Novels2Search

Book 2, Chapter 22

The cops saw us coming and drew their guns. There were five of them, with three cars parked across the end of the offramp. I waited for them to slump to the ground, but they must still be out of Alice’s range as one cop opened fire. The bullet hit the front of the car, making Alice and I curse. I gathered energy to form the bulletproof wall and surprised myself with how easily it came together. In half a second, I formed a shield in front of the car, covering the front and a good deal more with barely any effort. I had to stop myself from doing a mad scientist laugh.

You see, I didn’t have a lot of time to test the Mantle back home. I made sure it was working and wouldn’t blow up, then packed it away so I wouldn’t piss off Alice even more with another delay. The tests I did were mostly about how far away it would extend my reach, if it empowered me at all, etc. But nothing really hammered in results like seeing them in a combat situation.

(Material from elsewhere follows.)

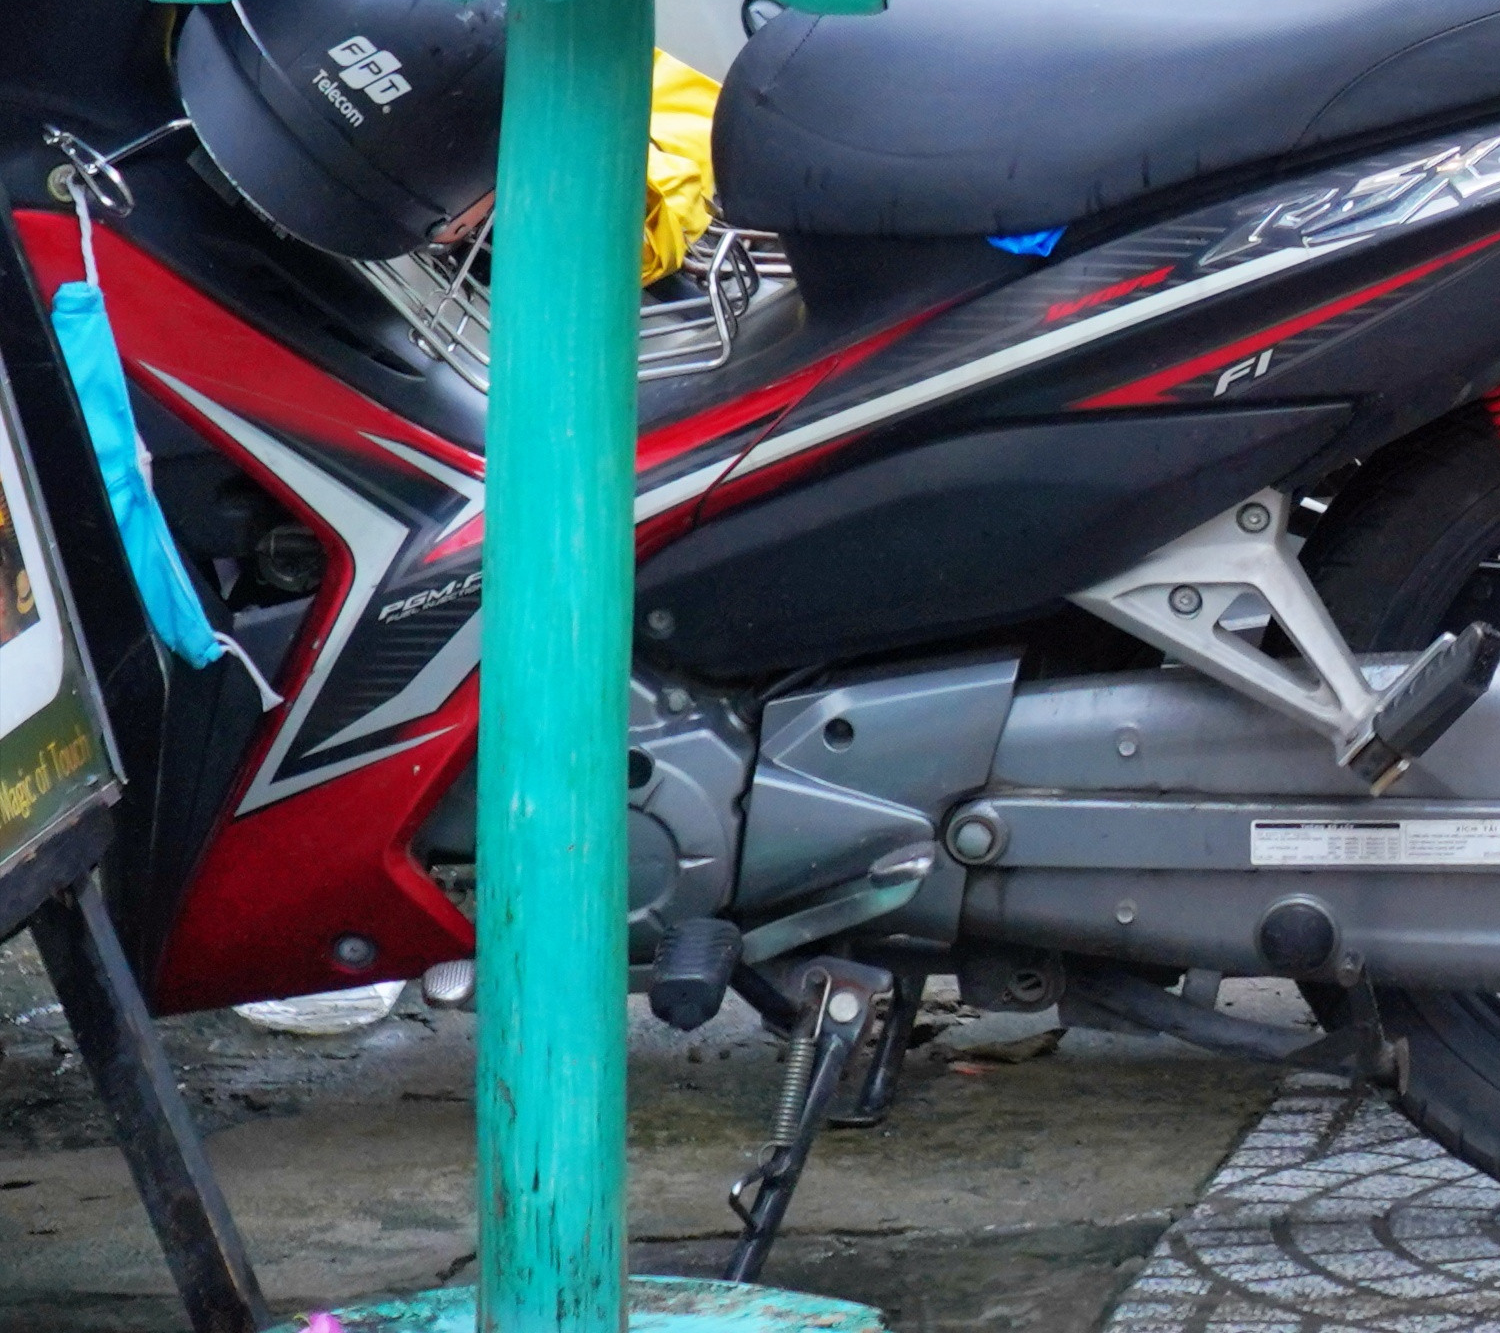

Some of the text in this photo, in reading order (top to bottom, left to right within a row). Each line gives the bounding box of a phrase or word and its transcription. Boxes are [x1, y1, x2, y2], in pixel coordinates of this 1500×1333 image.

You could say I was more than a little delighted with the final product.

After the first cop shot at us, it seemed whatever restraint the other cops were holding on to evaporated. Bullets began to hit my shield. I barely felt the strain as the cops were likely only firing 9mm.

We were about a hundred and fifty feet away when Alice suddenly hit the brakes. Simultaneously, the cops rag-dolled and fell to the ground one by one.

“Hold on!” Alice yelled.

We were going fast, and also downhill, with a missing tire. A hundred and fifty feet wasn’t a lot of space to slow down. I quickly flooded the inside of the car with porous textured telekinetic magic, holding everyone in place with the exception of Alice’s arms and legs. I wasn’t about to be bounced around the car again.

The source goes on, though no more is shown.